Il naso si apre con un tuffo in acque tropicali. E’ la frutta a dominare, fresca, come appena tagliata, con parvenze da buccia. La nota di testa è certamente il conclamato mango. Il corpo è più tradizionale, con curaçao, pompelmo e tè alla pesca. Alle note fruttate si affiancano quelle maltose, molto più defilate: cereali, miele di arancio, cracker. Man mano che si scende in profondità l’aroma si va facendo sempre più gentile, arrivando a un cuore che batte al ritmo di ananas, melone, arancia. Chiude in bellezza una suggestione di melograno. Non v’è alcuna traccia di alcol e tutto ciò è straordinario. L’unica avvisaglia è un barlume di etanolo in forma di cocktail tropicale/limoncello. A frutta tutta.

Gusto

Al contrario del naso, metterla in bocca significa accusare fin da subito lo spessore etilico. La prima sorsata è di quelle che stordiscono. Ma bada bene: la défaillance non è dovuta tanto alla potenza dell’alcol, quanto alla molteplicità di sensazioni che emergono. Fruttato, maltoso, resinoso, citrico. Tutto avviene d'emblée, in rapida successione. E alla fine il senso di sbigottimento è estremamente piacevole, di abbandono sensoriale. In bocca è poderosa, dal carattere deciso ma non esasperato. L’alcol c’è, è vero, ma non risulta mai invadente o prevaricante. Piuttosto c’è spazio per una bella macedonia di frutta esotica: mango, papaya, kiwi, ananas, melone, curaçao. A differenza dell’aroma qui il lato maltoso è pressoché assente, eccezion fatta per un leggero ricordo di cereali. Al loro posto, ad affiancare la frutta, ci sono una bella sensazione di calore all’altezza della gola e un delicato pepato da buccia d’agrumi, che formicola la lingua. Carbonazione presente, corpo medio e mouthfeel consistente, con alcune stilettate apportate dall’alcol in forma di vino liquoroso (Vermuth). Retrolfatto etilico, retrogusto aspro di buccia d’agrumi. Devastante.

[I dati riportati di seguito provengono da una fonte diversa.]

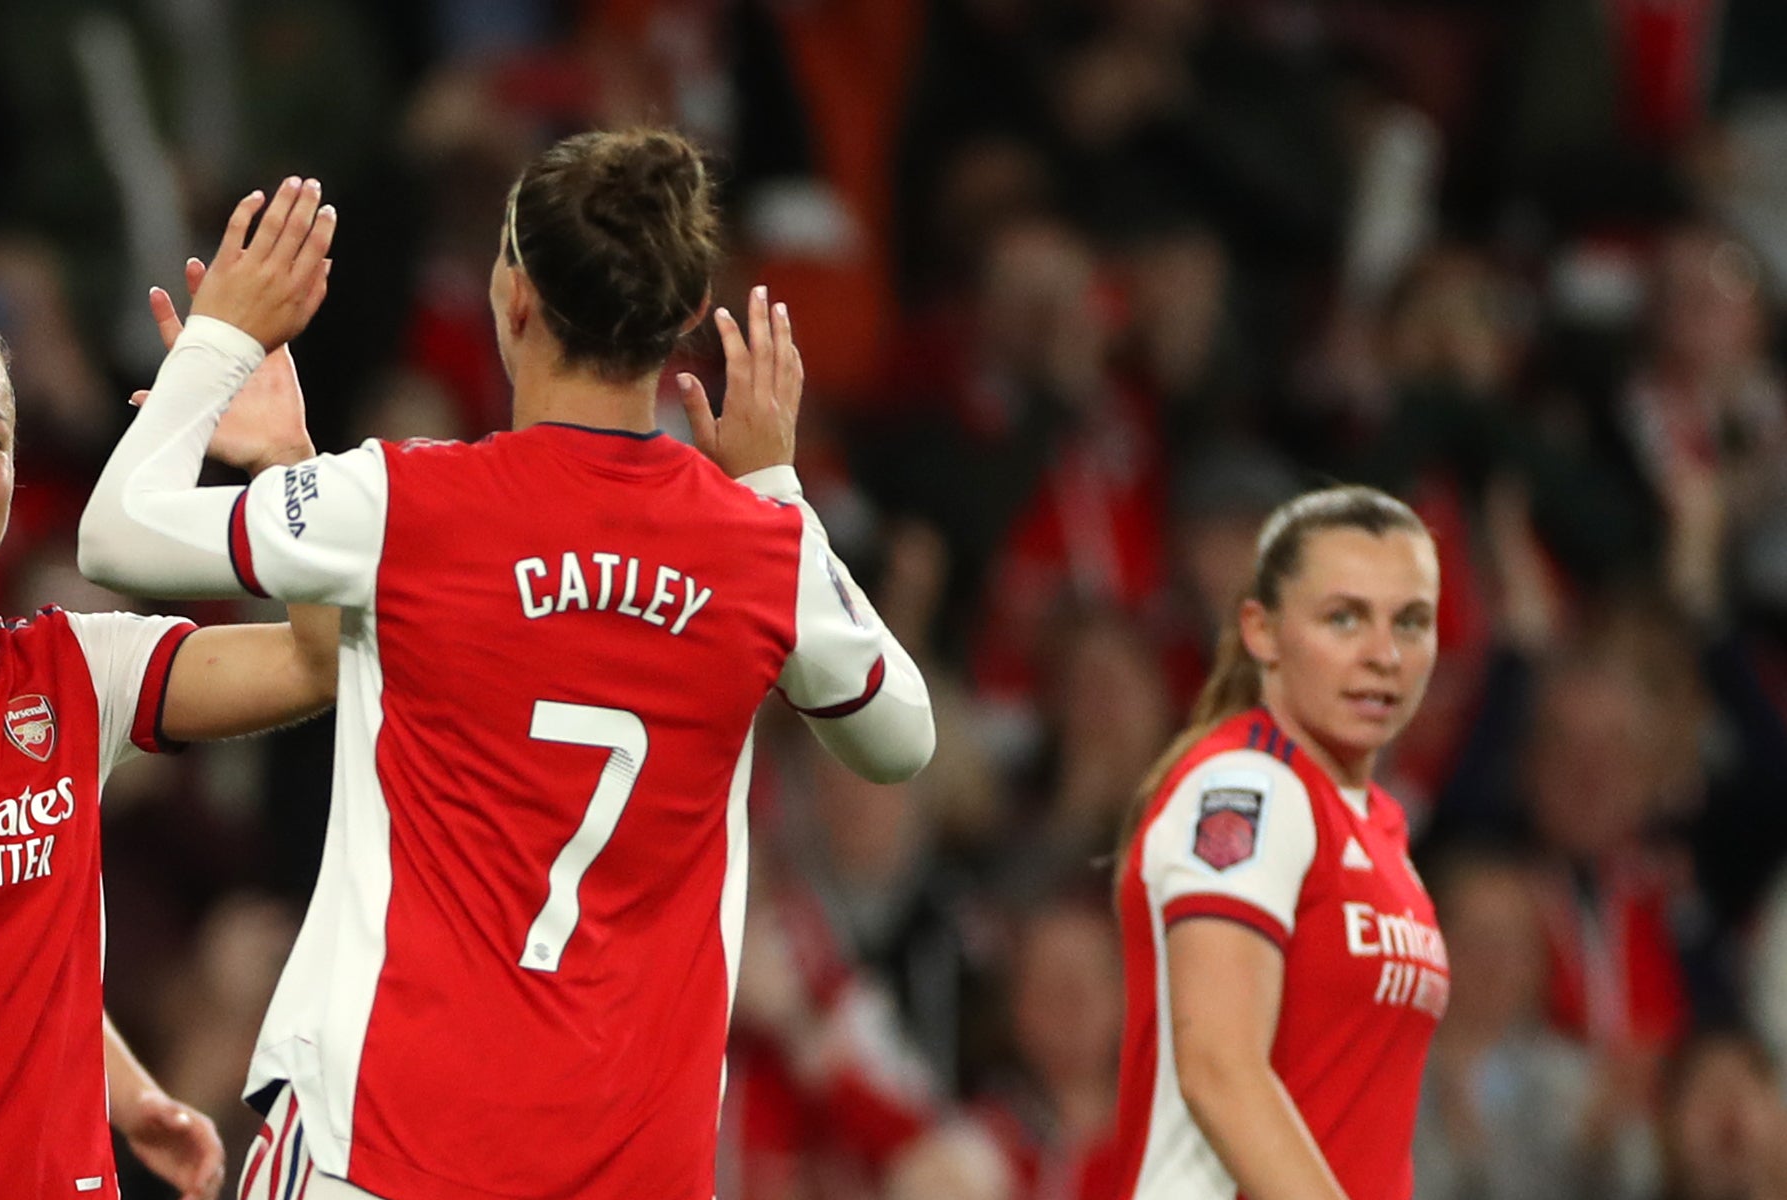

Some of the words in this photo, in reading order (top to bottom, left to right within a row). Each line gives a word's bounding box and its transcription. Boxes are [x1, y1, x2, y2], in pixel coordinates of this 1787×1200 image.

[514, 551, 712, 636] CATLEY
[6, 703, 48, 722] Arsenal
[517, 699, 649, 973] 7

De-li-zio-sa! Mango Feber è una birra “cattivissima”: nonostante le tue implorazioni di pietà lei ti costringe a mandarla giù fino in fondo. E a fine bevuta tutto il suo alcol ti colpirà con la forza di un macigno. Piangerai e allo stesso tempo saprai di aver goduto.  E’ ormai troppo tardi ma finalmente capisco il perché del suo nome: questa birra fa davvero venire la febbre.